The pools’ replicated size is hard coded to 3 with OCS. If the rack count is not divisible by 3, then the count: parameter must be a multiple of 3. The total number of OSDs needs to be divisible by 3.
One could in theory change the rack count by changing the replica: parameter, but this negatively influences scale-outs, forcing administrators to add node multiples of rack count (= replica: parameter) at every single scale-out.
One can only add node capacity in multiples of rack count. Rack count is set by the replica: parameter. The ideal rack count is 3, as this is the smallest supported unit one can have with Ceph due to the pools’ replicated size of 3.

When looking at ocs-deviceset-x-y, replica: controls max x. And count: controls max y.

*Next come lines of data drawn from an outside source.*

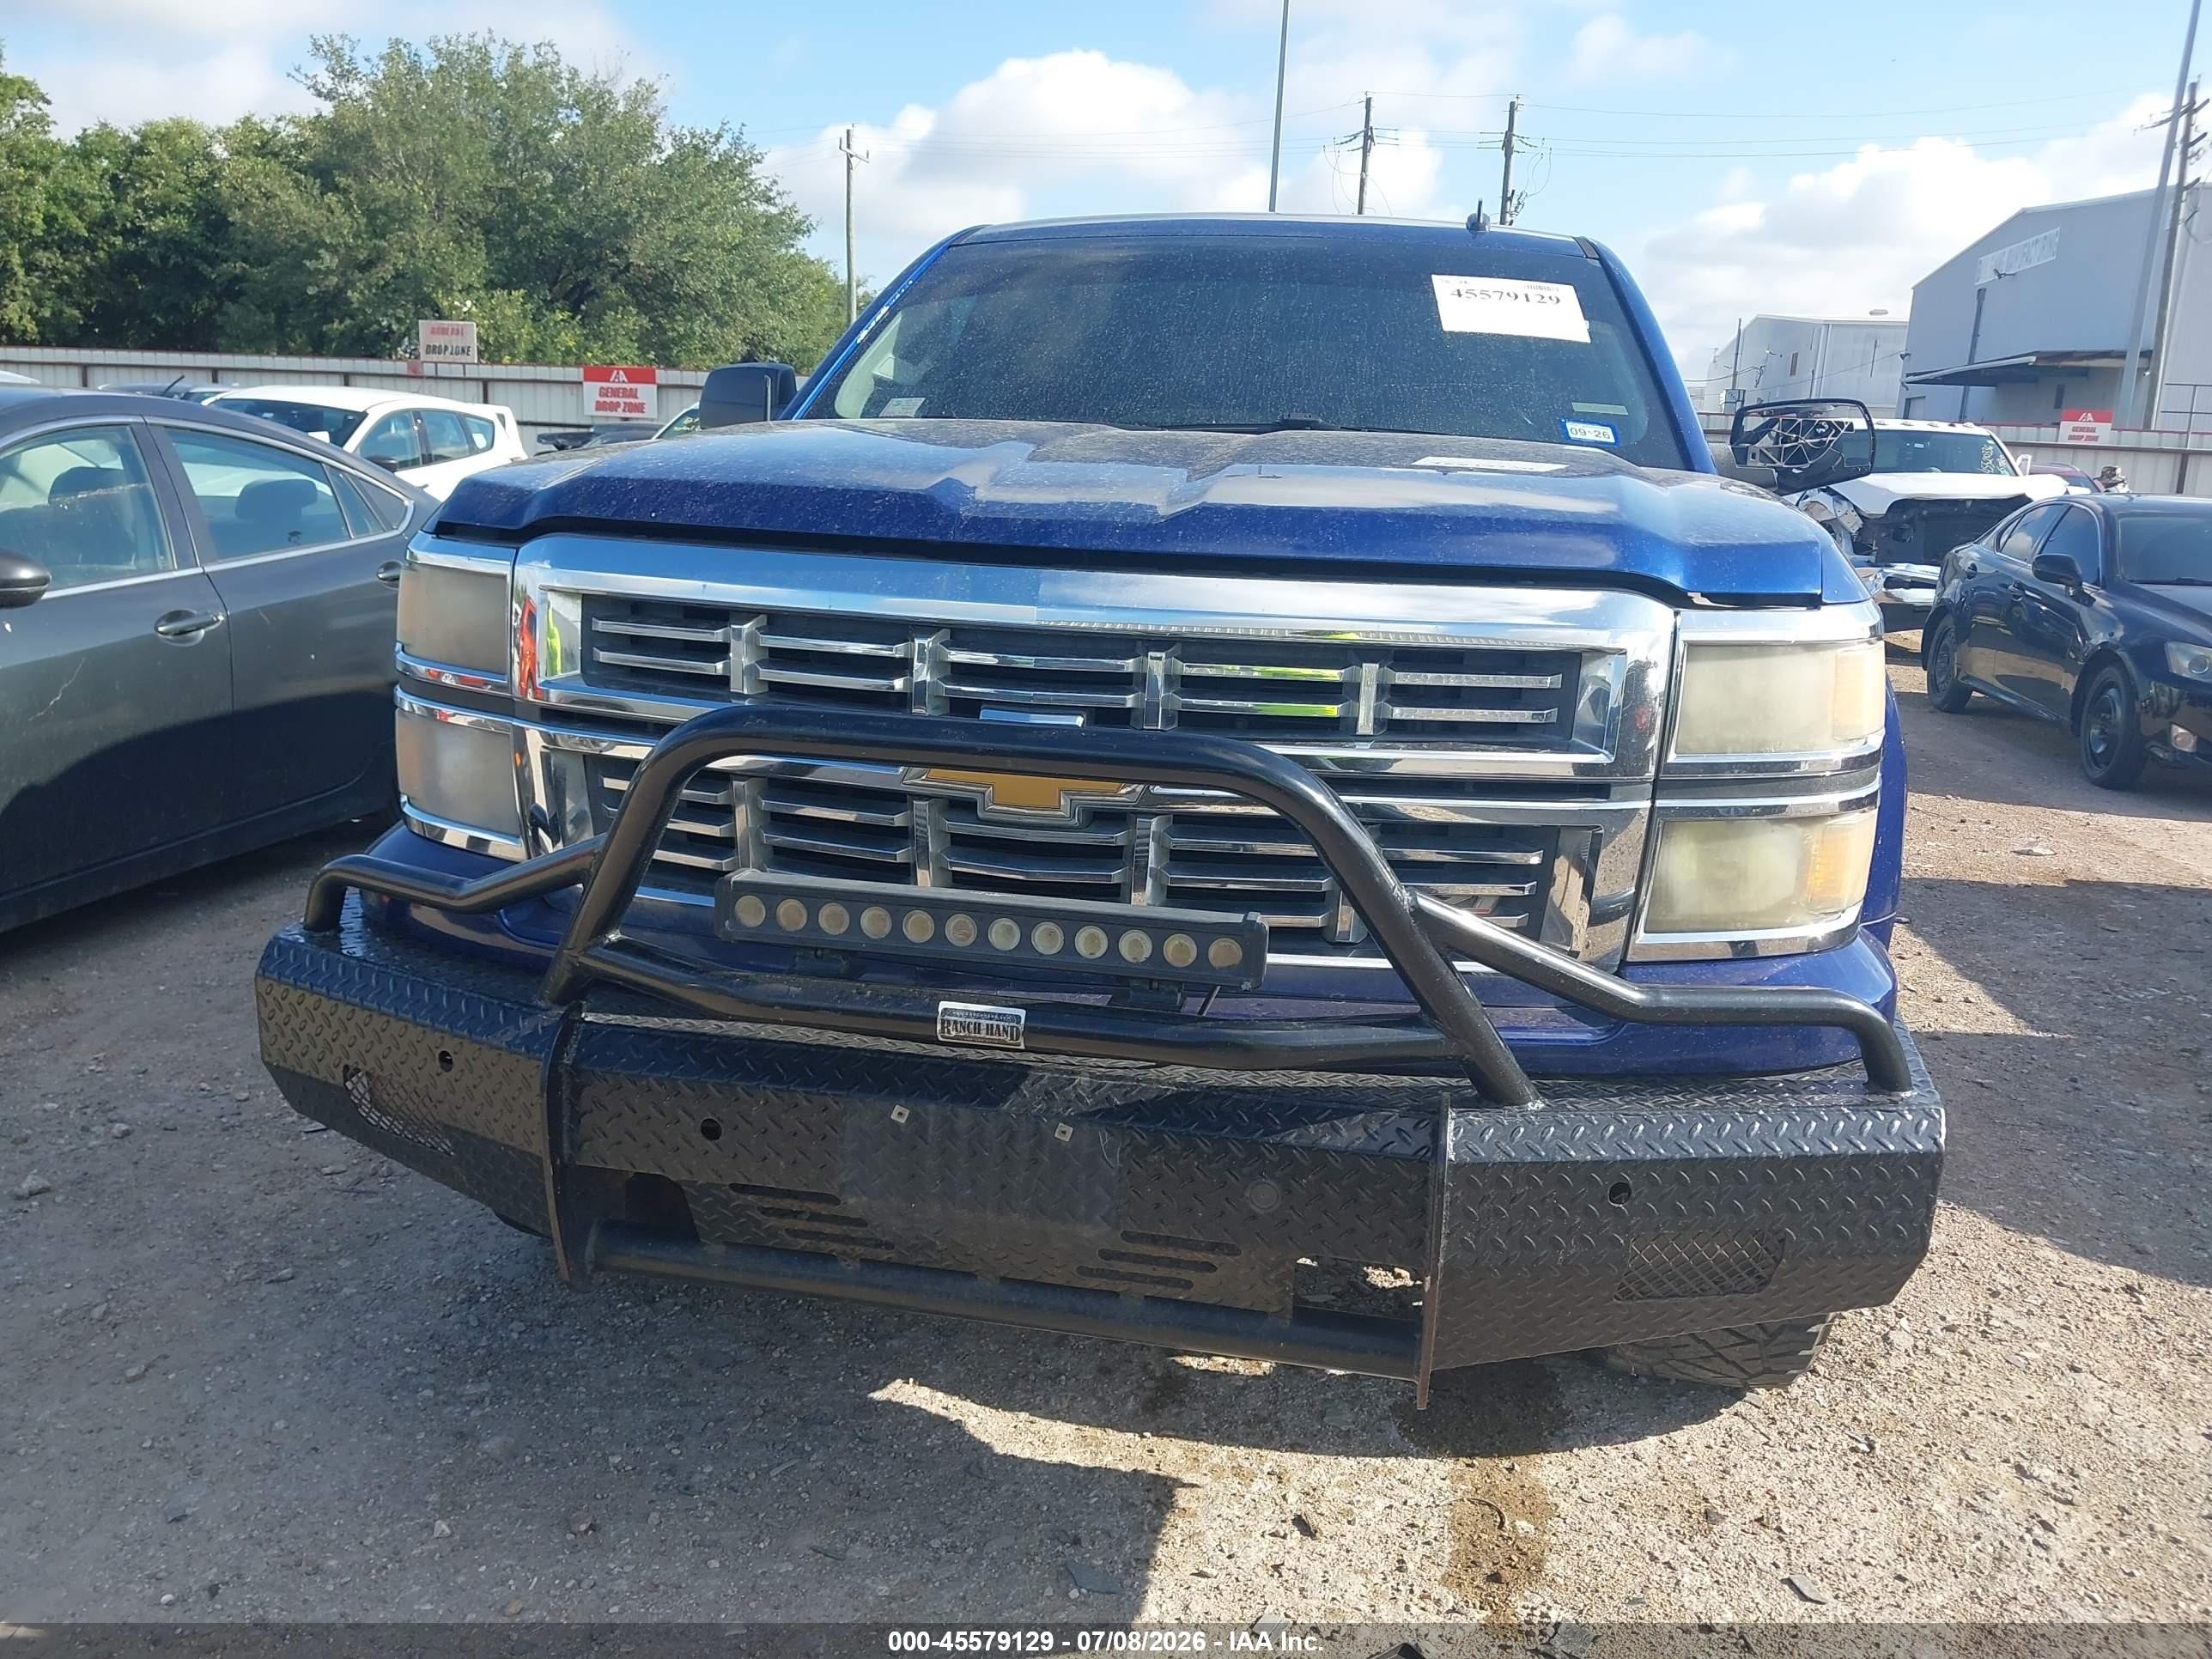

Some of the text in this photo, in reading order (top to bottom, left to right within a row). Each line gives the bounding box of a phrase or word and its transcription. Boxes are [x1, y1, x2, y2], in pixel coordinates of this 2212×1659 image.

[1450, 289, 1561, 305] 45579129
[426, 344, 449, 356] DROP
[599, 386, 639, 399] GENERAL
[595, 400, 646, 414] DROP ZONE
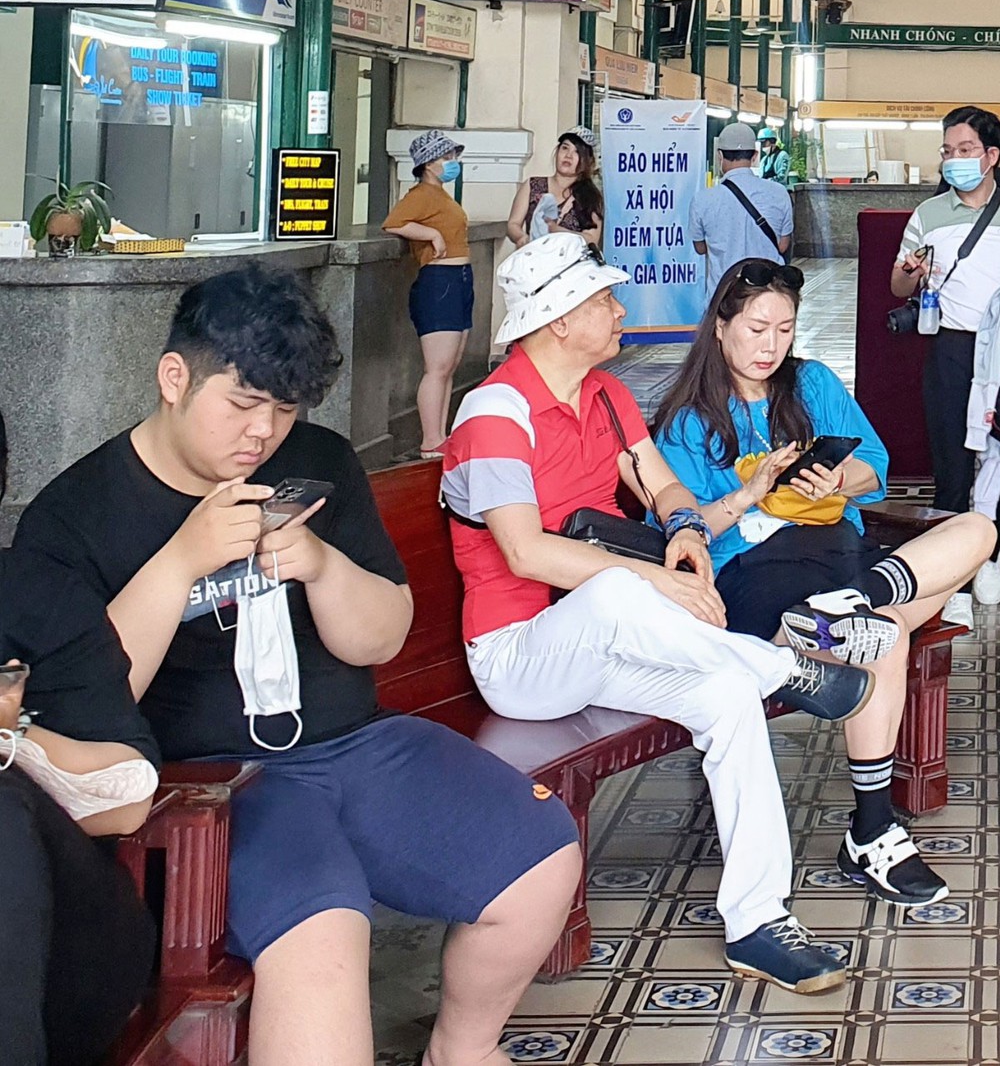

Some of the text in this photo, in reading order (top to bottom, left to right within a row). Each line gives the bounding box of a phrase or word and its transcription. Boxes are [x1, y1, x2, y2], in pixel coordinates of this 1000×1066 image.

[850, 29, 900, 40] NHANH
[905, 27, 956, 42] CHÓNG
[131, 47, 217, 67] DAILY TOUR BOOKING
[131, 66, 149, 82] BUS
[191, 71, 216, 87] TRAIN
[147, 89, 172, 105] SHOW
[618, 142, 688, 172] BẢO HIỂM
[625, 184, 674, 213] XÃ HỘI
[614, 216, 684, 250] ĐIỂM TỰA
[634, 264, 657, 284] GIA
[662, 259, 696, 284] ĐÌNH
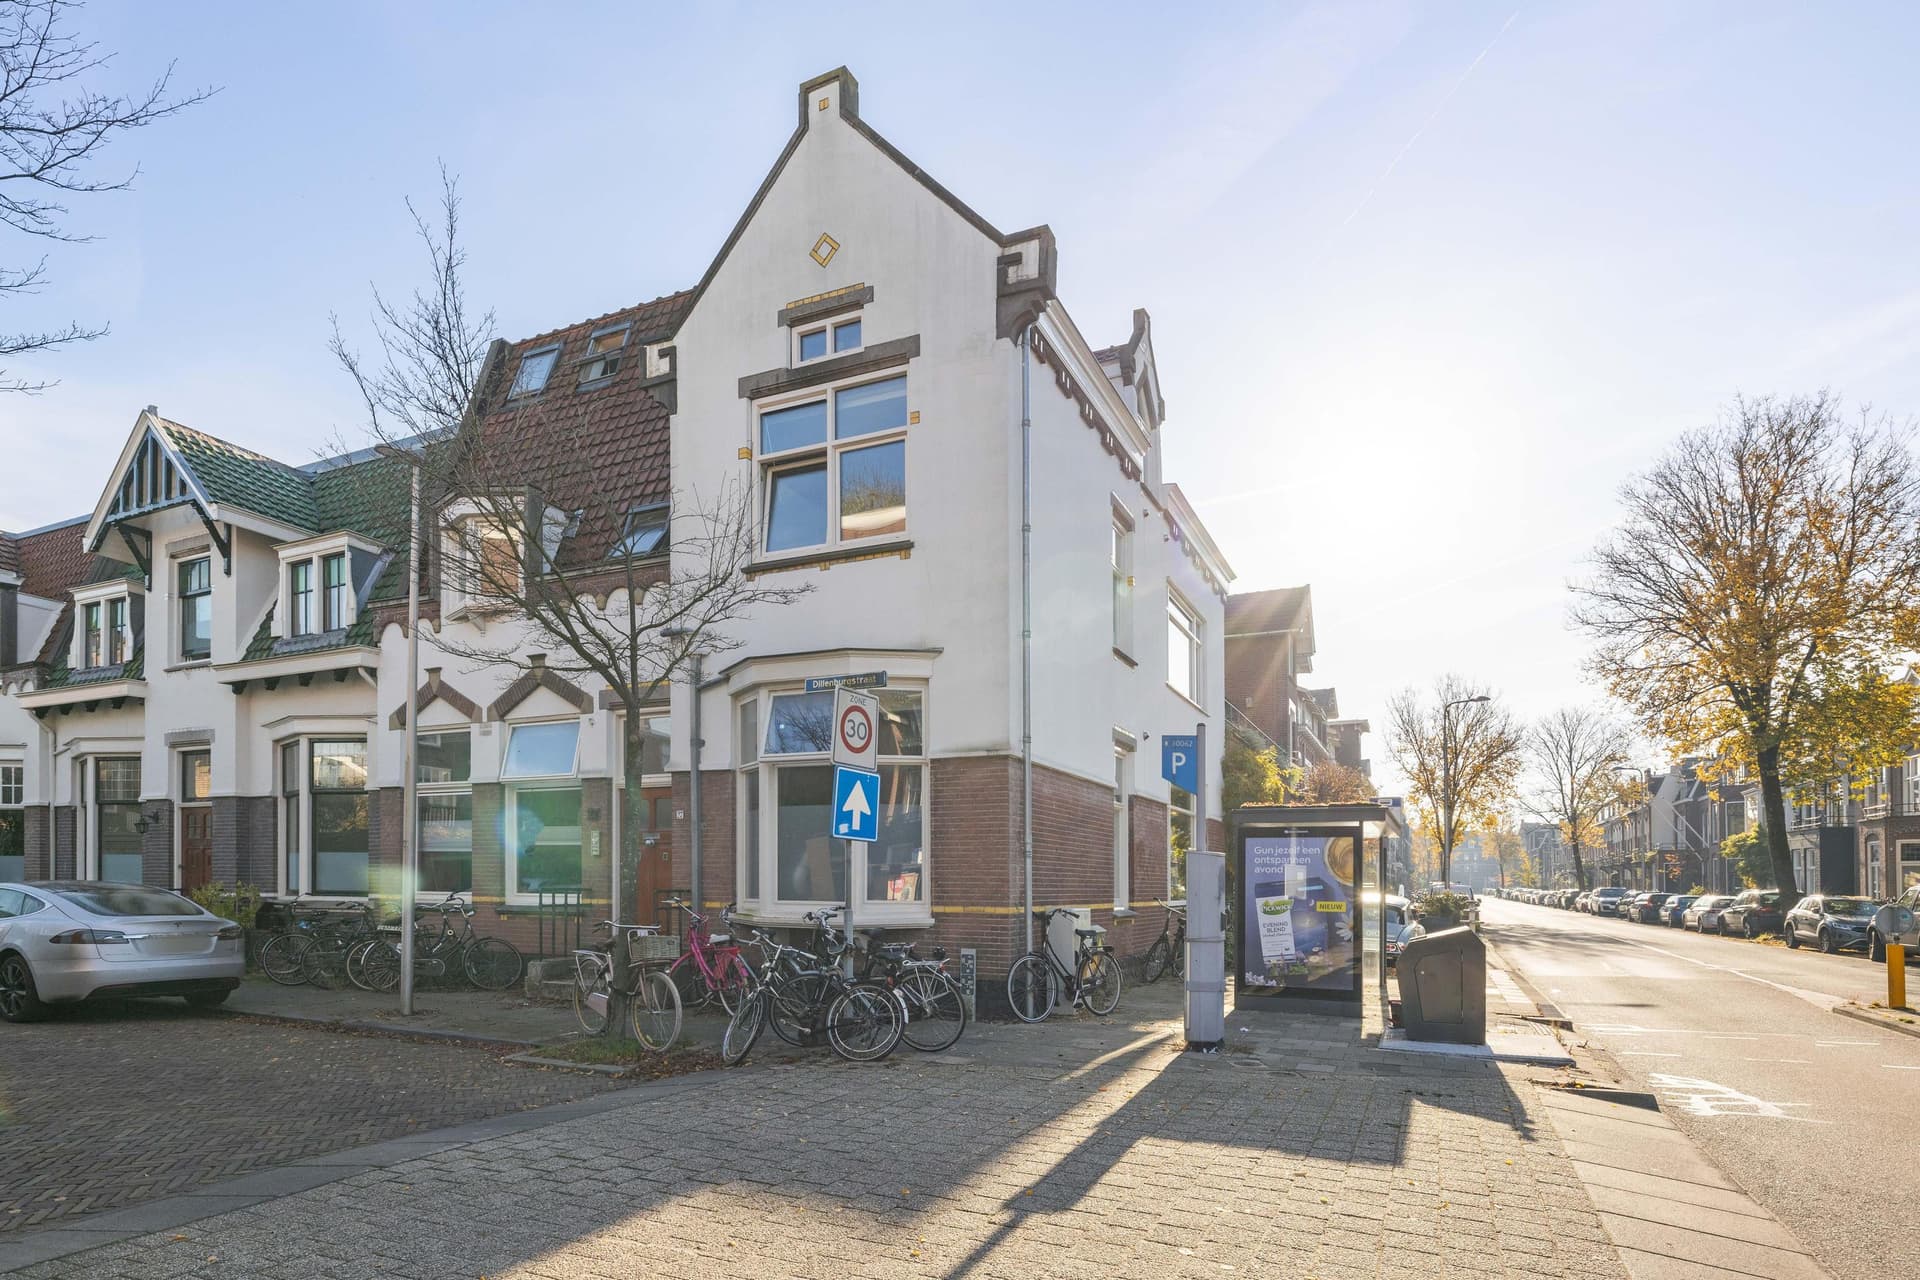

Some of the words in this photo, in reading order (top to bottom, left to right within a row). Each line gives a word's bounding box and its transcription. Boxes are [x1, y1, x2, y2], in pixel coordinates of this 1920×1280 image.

[849, 695, 867, 706] ZONE
[846, 718, 868, 741] 30
[1172, 752, 1186, 774] P
[1254, 846, 1274, 855] Gun
[1274, 845, 1301, 856] jezelf
[1254, 856, 1311, 865] ontspannen
[1254, 866, 1284, 874] avond
[1319, 903, 1344, 911] NIEUW

Each storageDeviceSet will be tied to a specific rack according to replica::

Raw

$ oc get jobs -o name | while read job; do echo === $job === ; oc get $job -o yaml | egrep 'rack[0-9]+' ; done
=== job.batch/rook-ceph-osd-prepare-ocs-deviceset-0-0-nd5jp ===
 - rack0
=== job.batch/rook-ceph-osd-prepare-ocs-deviceset-0-1-ns9jx ===
 - rack0
=== job.batch/rook-ceph-osd-prepare-ocs-deviceset-1-0-qbf59 ===
 - rack1
=== job.batch/rook-ceph-osd-prepare-ocs-deviceset-1-1-j7bs8 ===
 - rack1
=== job.batch/rook-ceph-osd-prepare-ocs-deviceset-2-0-jwshs ===
 - rack2
=== job.batch/rook-ceph-osd-prepare-ocs-deviceset-2-1-49ldb ===
 - rack2

Each node will be evenly distributed into a specific rack:

Raw

$ oc get nodes -l topology.rook.io/rack=rack2
NAME STATUS ROLES AGE VERSION
ip-10-0-202-249.eu-west-1.compute.internal Ready worker 8d v1.17.1+b83bc57
$ oc get nodes -l topology.rook.io/rack=rack0
NAME STATUS ROLES AGE VERSION
ip-10-0-198-152.eu-west-1.compute.internal Ready worker 8d v1.17.1+b83bc57
$ oc get nodes -l topology.rook.io/rack=rack1
NAME STATUS ROLES AGE VERSION
ip-10-0-197-77.eu-west-1.compute.internal Ready worker 8d v1.17.1+b83bc57
$ oc get nodes -l topology.rook.io/rack=rack2
NAME STATUS ROLES AGE VERSION
ip-10-0-202-249.eu-west-1.compute.internal Ready worker 8d v1.17.1+b83bc57

When labeling nodes, nodes will be added to the racks. For example, when adding:

Raw

oc label node/ip-10-0-210-157.eu-west-1.compute.internal cluster.ocs.openshift.io/openshift-storage=''

The node will be added to rack0:

Raw

$ oc get nodes -l topology.rook.io/rack=rack0
NAME STATUS ROLES AGE VERSION
ip-10-0-198-152.eu-west-1.compute.internal Ready worker 8d v1.17.1+b83bc57
ip-10-0-210-157.eu-west-1.compute.internal Ready worker 8d v1.17.1+b83bc57
$ oc get nodes -l topology.rook.io/rack=rack1
NAME STATUS ROLES AGE VERSION
ip-10-0-197-77.eu-west-1.compute.internal Ready worker 8d v1.17.1+b83bc57
$ oc get nodes -l topology.rook.io/rack=rack2
NAME STATUS ROLES AGE VERSION
ip-10-0-202-249.eu-west-1.compute.internal Ready worker 8d v1.17.1+b83bc57

In the above example, 2 more nodes must added for a supported configuration in this case, until each rack shows the same number of nodes.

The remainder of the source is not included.